● Exercise brief
Produce a verbatim copy of the following records, leaving out all pictures.

[Saved entries]
◇ ◇ ◇

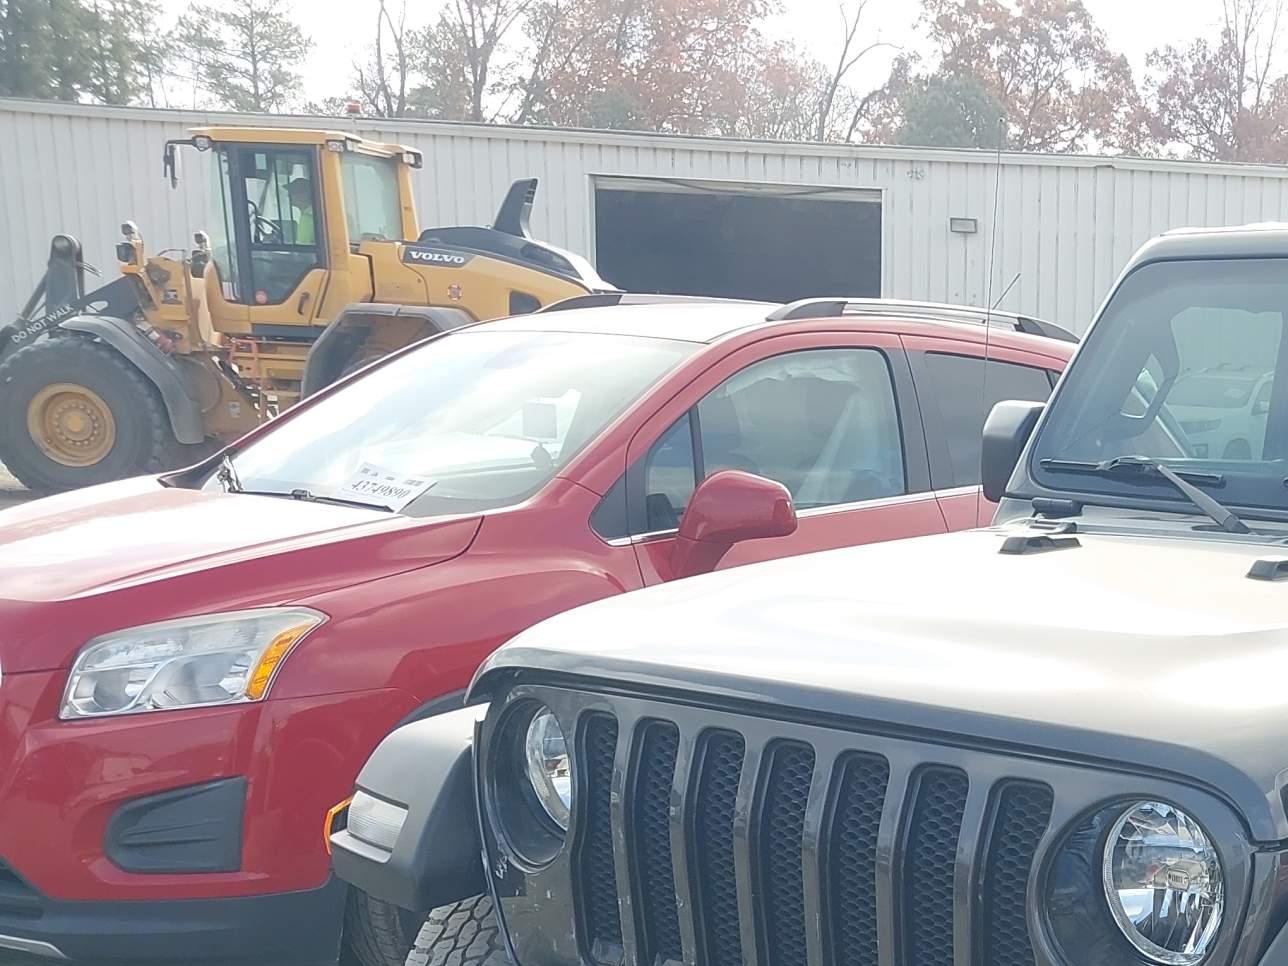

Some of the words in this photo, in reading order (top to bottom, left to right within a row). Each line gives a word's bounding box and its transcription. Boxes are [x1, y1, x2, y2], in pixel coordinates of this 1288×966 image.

[409, 250, 465, 264] VOLVO
[11, 331, 28, 343] DO
[26, 318, 47, 335] NOT
[46, 303, 75, 322] WALK
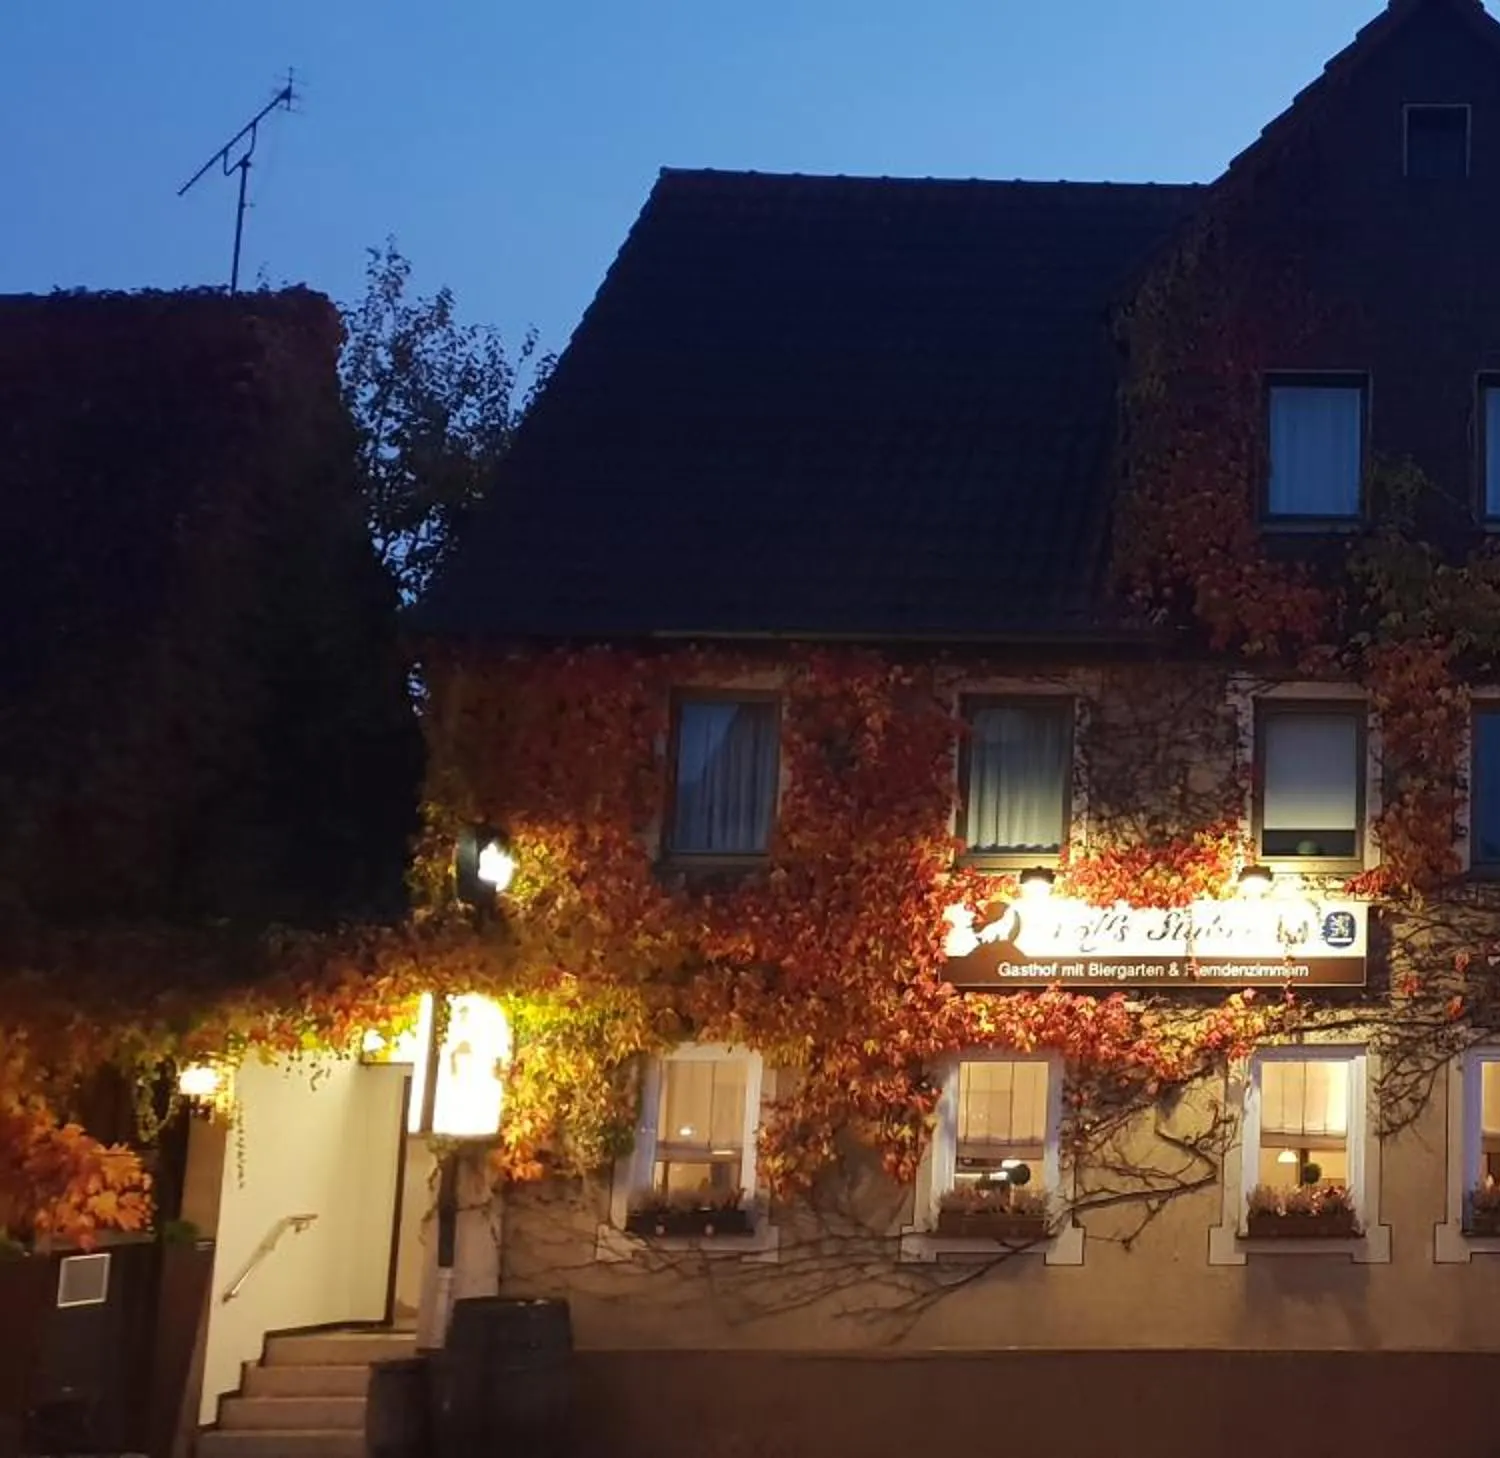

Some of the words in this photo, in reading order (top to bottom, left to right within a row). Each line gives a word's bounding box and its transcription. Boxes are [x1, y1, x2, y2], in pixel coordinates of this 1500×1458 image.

[998, 962, 1057, 978] Gasthof
[1062, 962, 1085, 977] mit
[1089, 962, 1164, 980] Biergarten
[1168, 962, 1180, 977] &
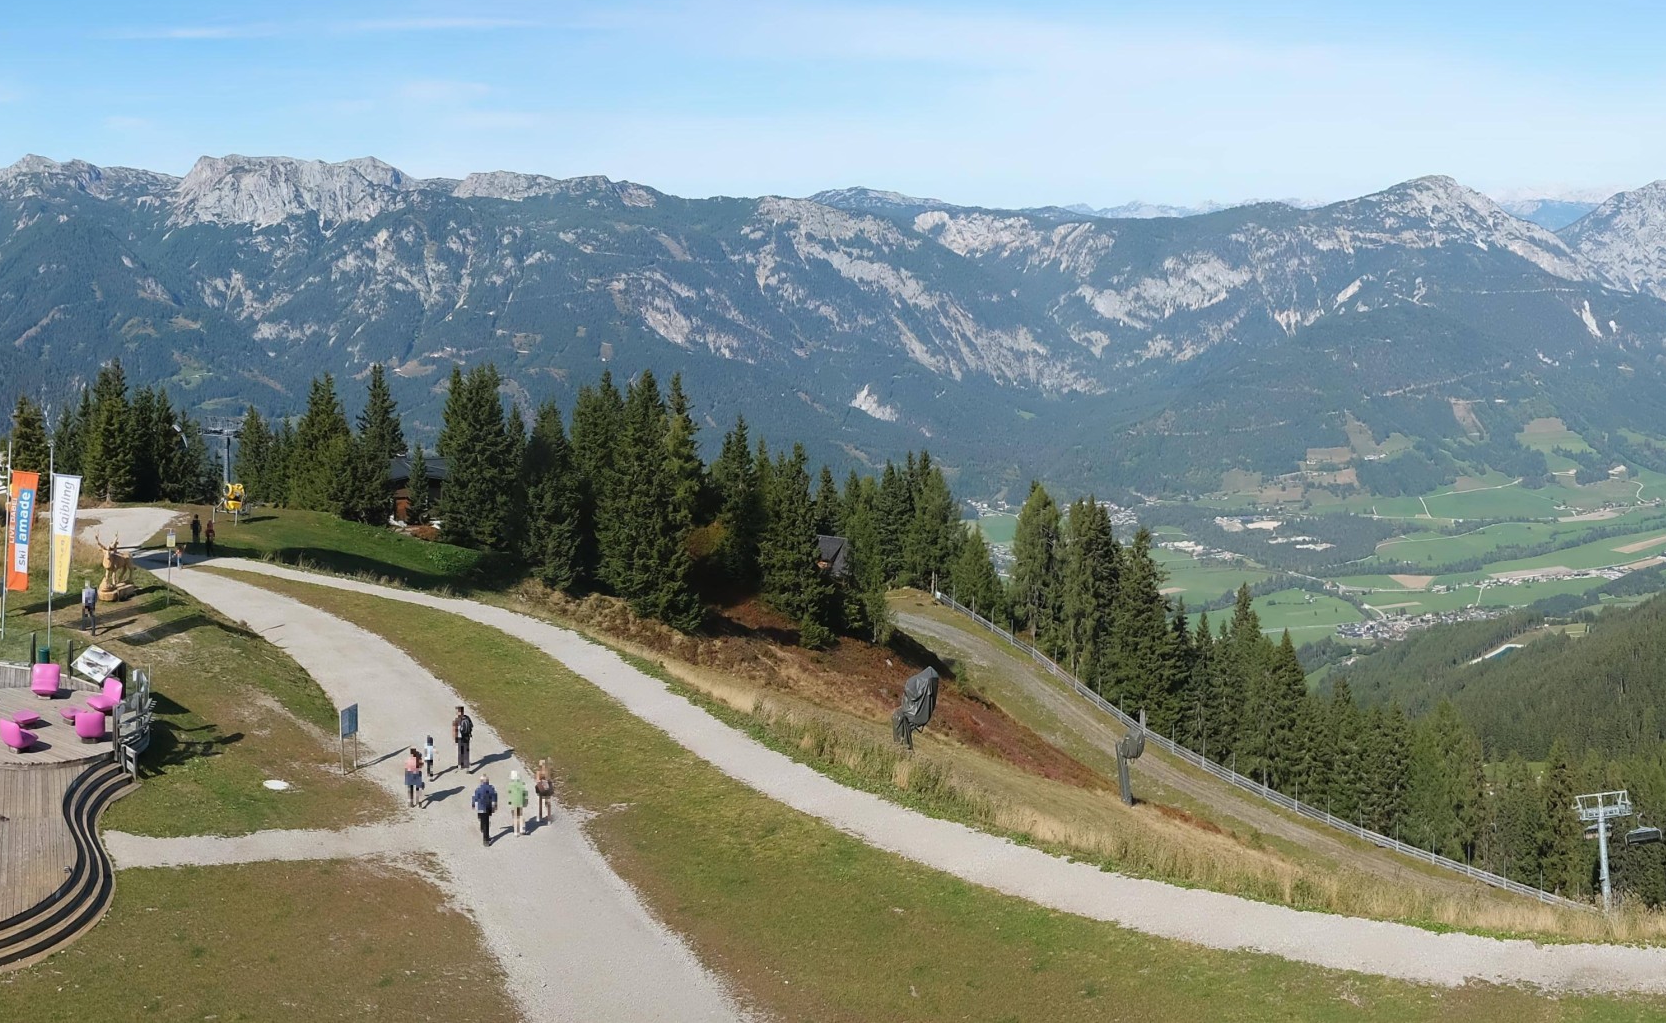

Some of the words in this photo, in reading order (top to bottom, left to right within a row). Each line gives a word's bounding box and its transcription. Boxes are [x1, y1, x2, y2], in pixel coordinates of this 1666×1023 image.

[18, 491, 31, 542] amade
[58, 481, 75, 532] Kaibling
[18, 550, 27, 566] Ski
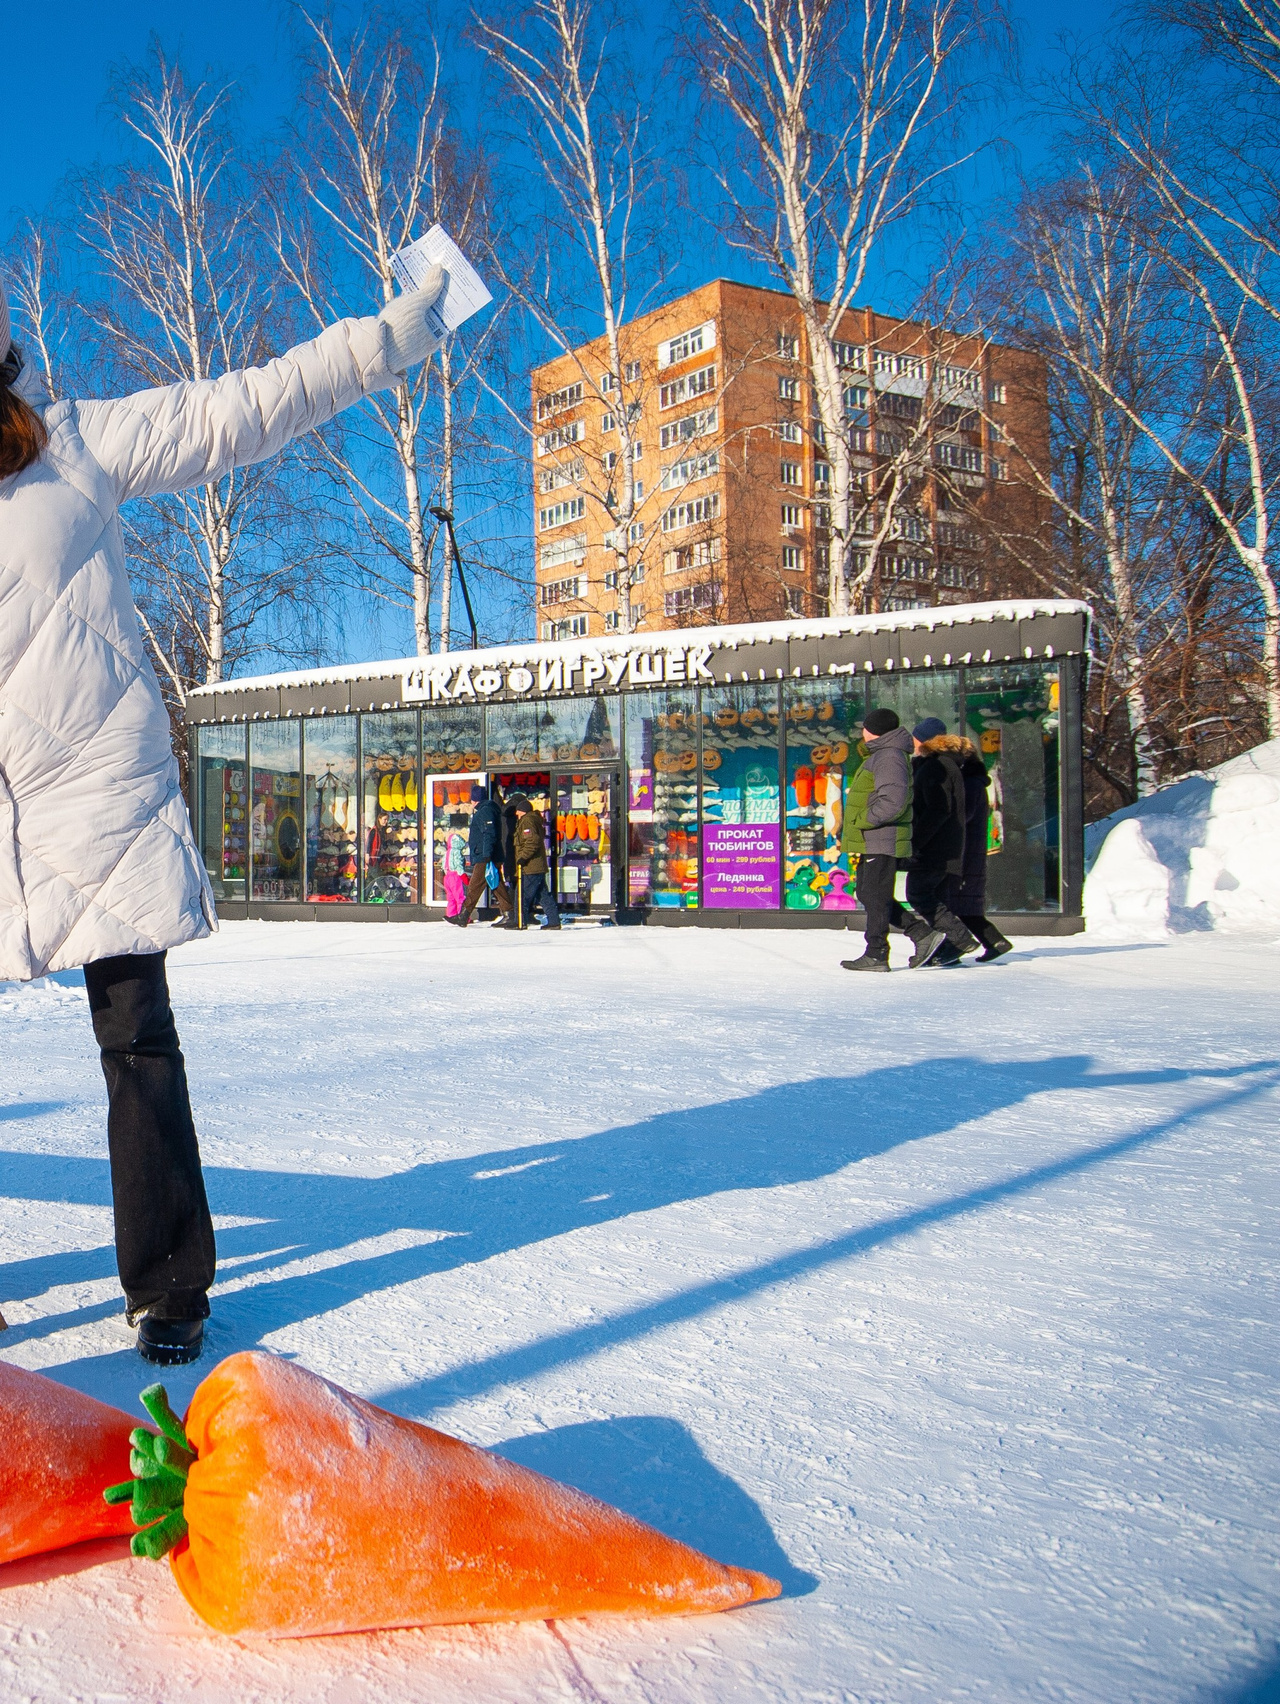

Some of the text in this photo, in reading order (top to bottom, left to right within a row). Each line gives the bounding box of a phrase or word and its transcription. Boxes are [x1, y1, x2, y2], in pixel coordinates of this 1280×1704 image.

[402, 647, 713, 702] ШКАФ ИГРУШЕК
[718, 829, 764, 839] ПРОКАТ
[708, 841, 774, 851] ТЮБИНГОВ
[749, 856, 776, 864] рублей
[717, 873, 765, 883] Ледянка
[746, 886, 773, 894] рублей

◇ ◇ ◇

● Response area
Some of the words in this photo, in reading order (top to bottom, left to right within a row). Each line gives a word's bounding box and its transcription. Boxes are [x1, y1, x2, y2], in pixel coordinates of this 1288×966 image.

[409, 250, 465, 264] VOLVO
[11, 331, 28, 343] DO
[26, 318, 47, 335] NOT
[46, 303, 75, 322] WALK

Some of the words in this photo, in reading order (top to bottom, left to right within a row). Each line gives a word's bounding box and its transcription. Boxes are [x1, y1, x2, y2], in pixel coordinates of this 1500×1458 image.

[998, 962, 1057, 978] Gasthof
[1062, 962, 1085, 977] mit
[1089, 962, 1164, 980] Biergarten
[1168, 962, 1180, 977] &

Some of the words in this photo, in reading order (top to bottom, left to right within a row). Each line gives a word's bounding box and its transcription. Boxes are [x1, y1, x2, y2], in pixel coordinates of this 1666×1023 image.

[18, 491, 31, 542] amade
[58, 481, 75, 532] Kaibling
[18, 550, 27, 566] Ski

Some of the text in this photo, in reading order (top to bottom, left to right within a row). Each line gives the bounding box of a phrase or word and its transcription. Boxes are [x1, y1, x2, y2], in pixel coordinates of this 1280×1704 image.

[402, 647, 713, 702] ШКАФ ИГРУШЕК
[718, 829, 764, 839] ПРОКАТ
[708, 841, 774, 851] ТЮБИНГОВ
[749, 856, 776, 864] рублей
[717, 873, 765, 883] Ледянка
[746, 886, 773, 894] рублей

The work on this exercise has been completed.